TWO WEEKS TO 10 DAYS BEFORE MOVING
* Keep your plants a bit on the dry side until shortly before moving. Remember that plants in plastic pots do not need watering as often as those in clay pots; excess water evaporates through the clay pots but not through plastic ones.
* Start collecting packaging materials; wood flats (used by growers for shipping strawberries; cherries, etc.), newspapers, plastic trash bags, lightweight cardboard, and strong corrugated cardboard cartons. Cartons waxed on the inside are ideal for moving plants; they are sturdier than those of conventional cardboard and keep moisture in. Dish packs, available from the moving company at reasonable cost, are easily adaptable for moving house plants; bubble wrap and molded foam are excellent cushioning materials.
THE DAY BEFORE MOVING
* Water plants well and let excess water drain away. Note: This does not apply to cacti and other plants whose natural habitat is dry; these plants should be carefully packed to allow the free passage of air.
* Assemble plants and packing materials in a convenient area.
* Wrap each pot in aluminum foil or polyethylene film, so moisture will not seep through and weaken cushioning materials or cartons. (This step is not necessary if nonabsorbent materials are being used.)
* Large or tall plants are more easily handled if the branches are bound loosely against the main stem in the direction of growth by a soft band that will not cause injury (discarded nylon hose, for example). Plants with weak stems should be staked and tied the same way.
* Make funnel-shaped plant "sleeves" from lightweight cardboard, or obtain them from a local florist. Slip each potted plant into one from the top, so foliage will be protected. Or fasten one or more around a tall plant.
* If waxed cartons are not available, line boxes with polyethylene film. Large size plastic trash bags work well. The plastic lining retains moisture while keeping the cardboard carton dry.
* If at all possible, leave the actual packing until moving day.
MOVING DAY
* Carefully pack plants into prepared cartons, cushioning them with crushed newspaper or other shock-absorbing materials so they won't move around. Try to keep plants of similar size together, and use cartons that are an inch or more higher than the tallest plants.
* Tall or heavy plants are more easily handled individually. Set the plant into a carton of suitable size, wedging it securely in place with cushioning materials. A carton that opens from the side is easiest to use.
* Hanging planters should be placed at one end or in the center of a long horizontal box or tray filled with suitable cushioning material. The trailing foliage is then laid carefully on top of the cushioning in the remainder of the box.

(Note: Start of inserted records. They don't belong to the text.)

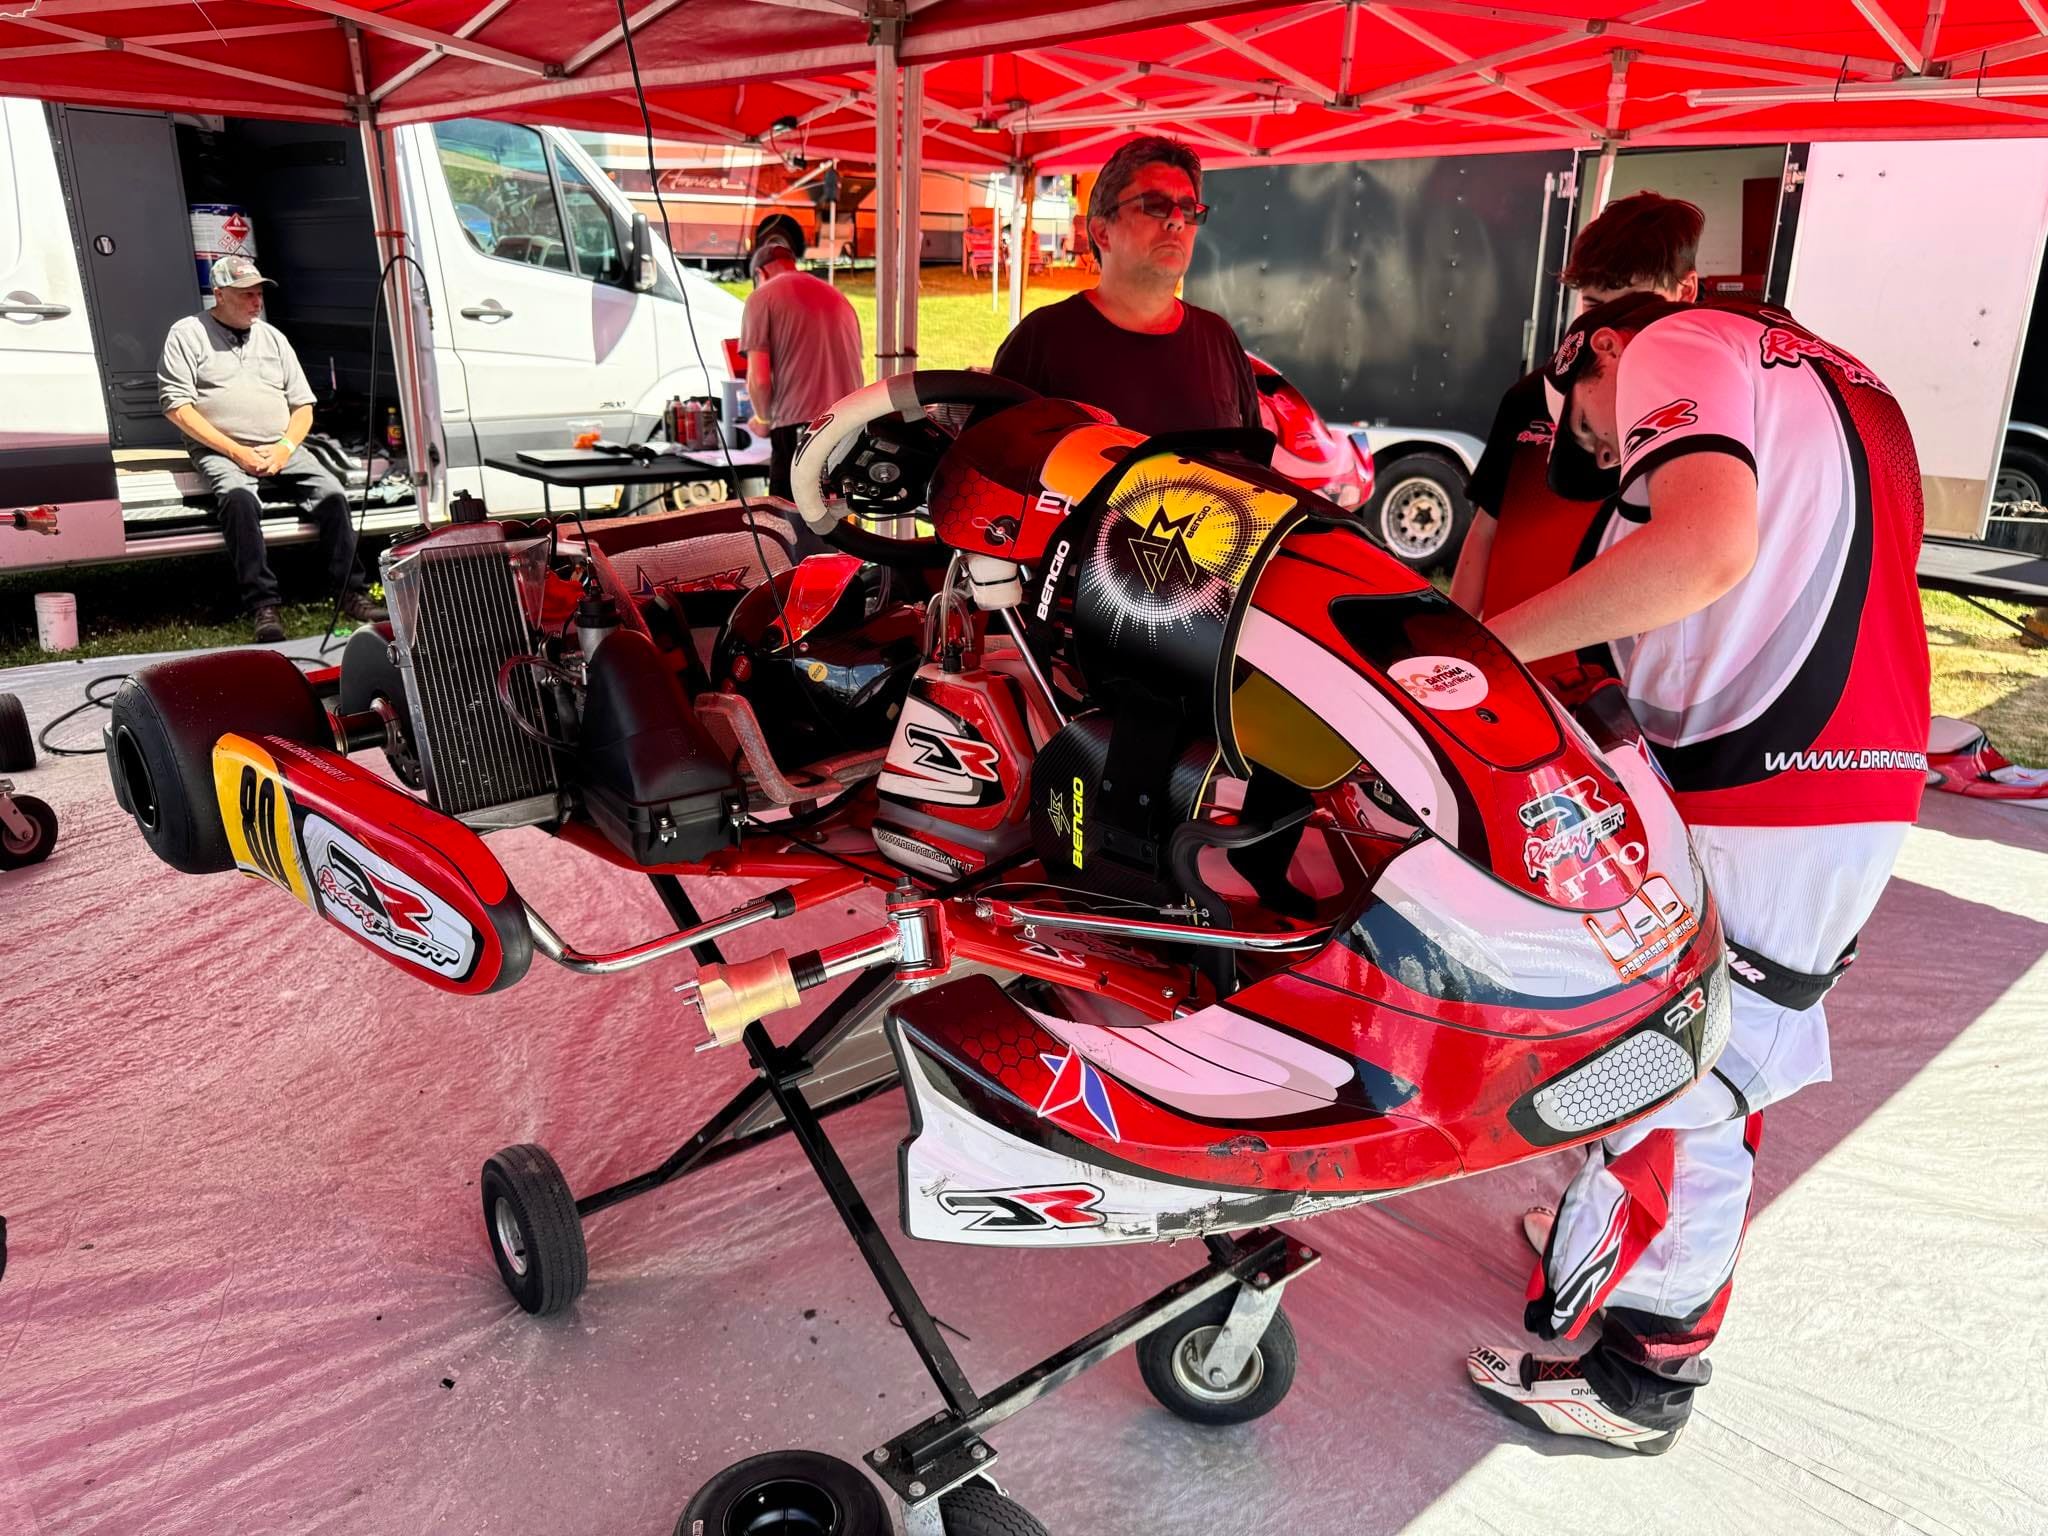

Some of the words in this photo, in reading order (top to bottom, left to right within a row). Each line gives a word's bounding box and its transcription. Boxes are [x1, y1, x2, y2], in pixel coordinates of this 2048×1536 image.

[1036, 540, 1071, 622] BENGIO
[1072, 776, 1084, 871] BENGIO
[1560, 841, 1645, 903] ITO
[1618, 935, 1669, 979] PREPARED
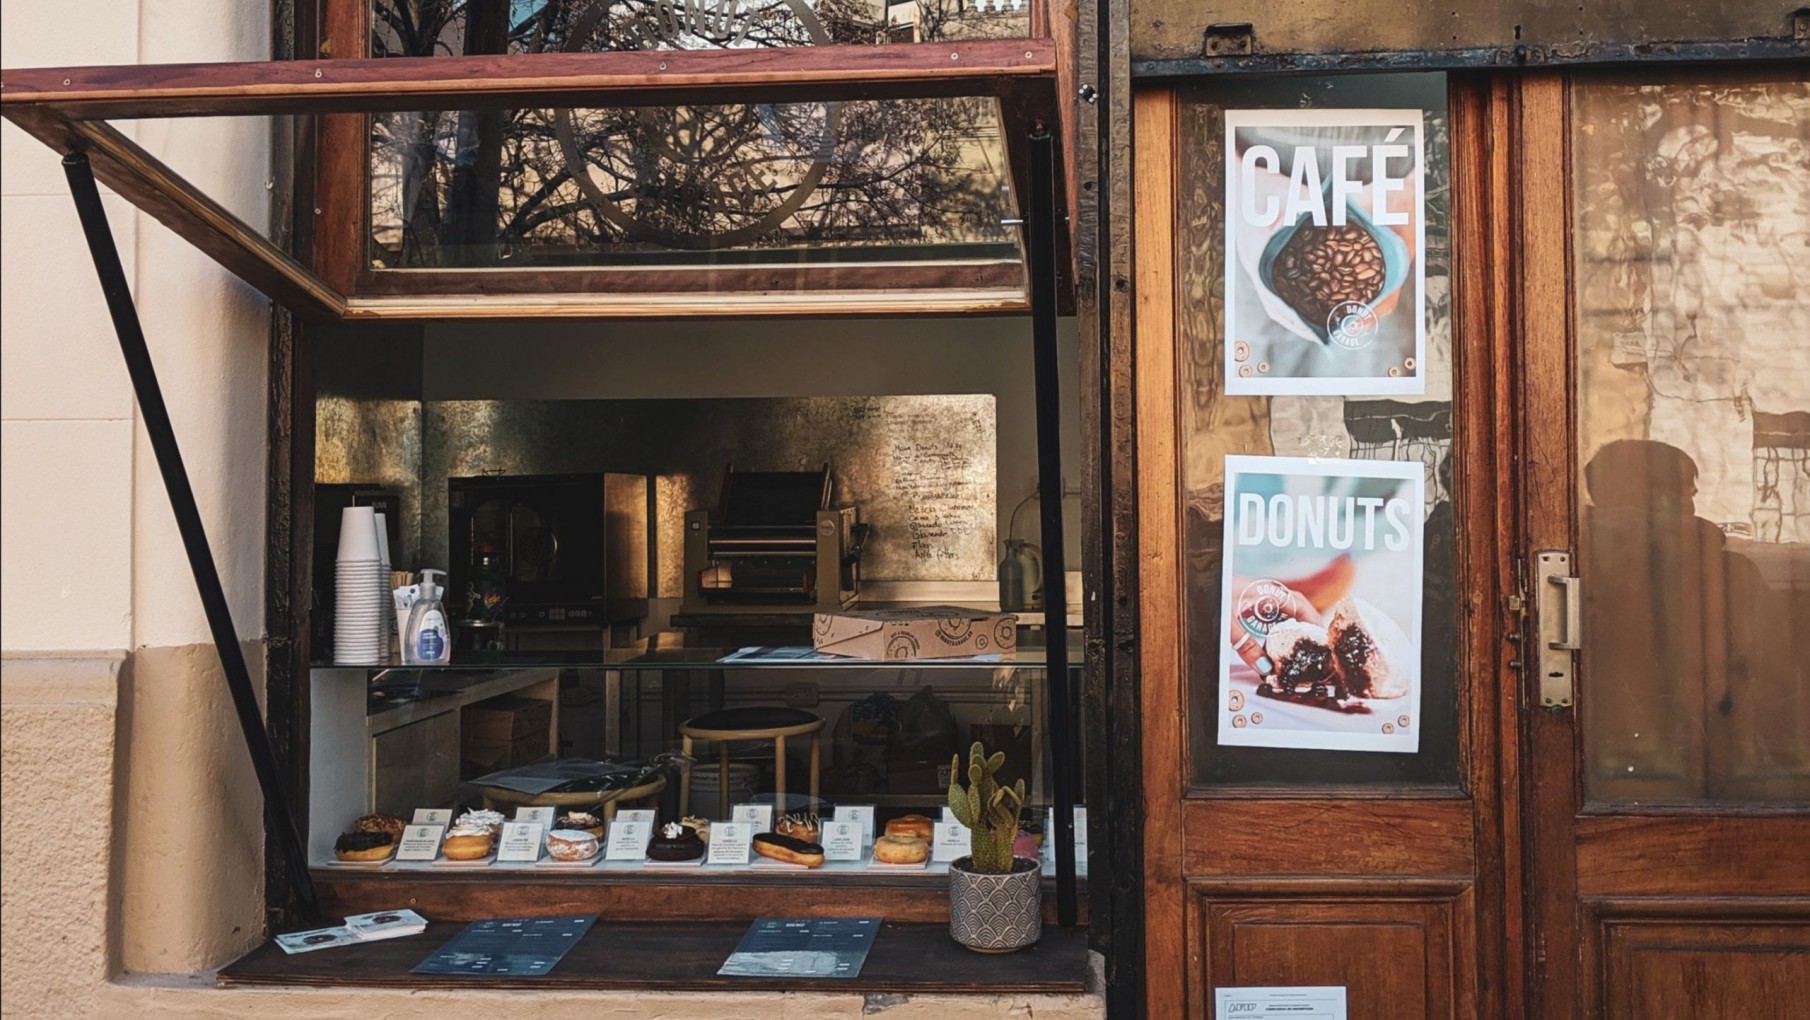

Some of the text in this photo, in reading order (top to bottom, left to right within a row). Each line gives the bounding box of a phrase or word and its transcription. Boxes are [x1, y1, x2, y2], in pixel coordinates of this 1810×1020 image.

* Place terrariums in cartons of suitable size and wedge in place with cushioning materials. Remove any terrarium ornaments that might shift and pack them separately.
* If you are moving the plants yourself, it's unnecessary to close the cartons unless they will be stacked on top of each other in the car. When traveling, park the car in the shade if the weather is hot; in the sun if it's cold. If the moving company is transporting the plants, mark the cartons in big letters. PLANTS -- FRAGILE -- THIS SIDE UP. If the weather is hot, avoid setting the cartons in the sun for any length of time before loading on the van. They should be loaded last and unloaded first.
* Be sure to give the van operator any applicable plant inspection certificates.
AT DESTINATION
* Unpack the plants carefully without delay and check their condition. You may find it easier to remove plants from cardboard cartons by cutting around the bottom edge of the carton and lifting it off.
* Place plants in locations similar to the ones they occupied in your old home. Leave them alone except for normal watering. Fussing with them or moving them from room to room will only delay their recuperation from moving shock. Remember, plants are as individual as people, so one may take much longer to recover than another.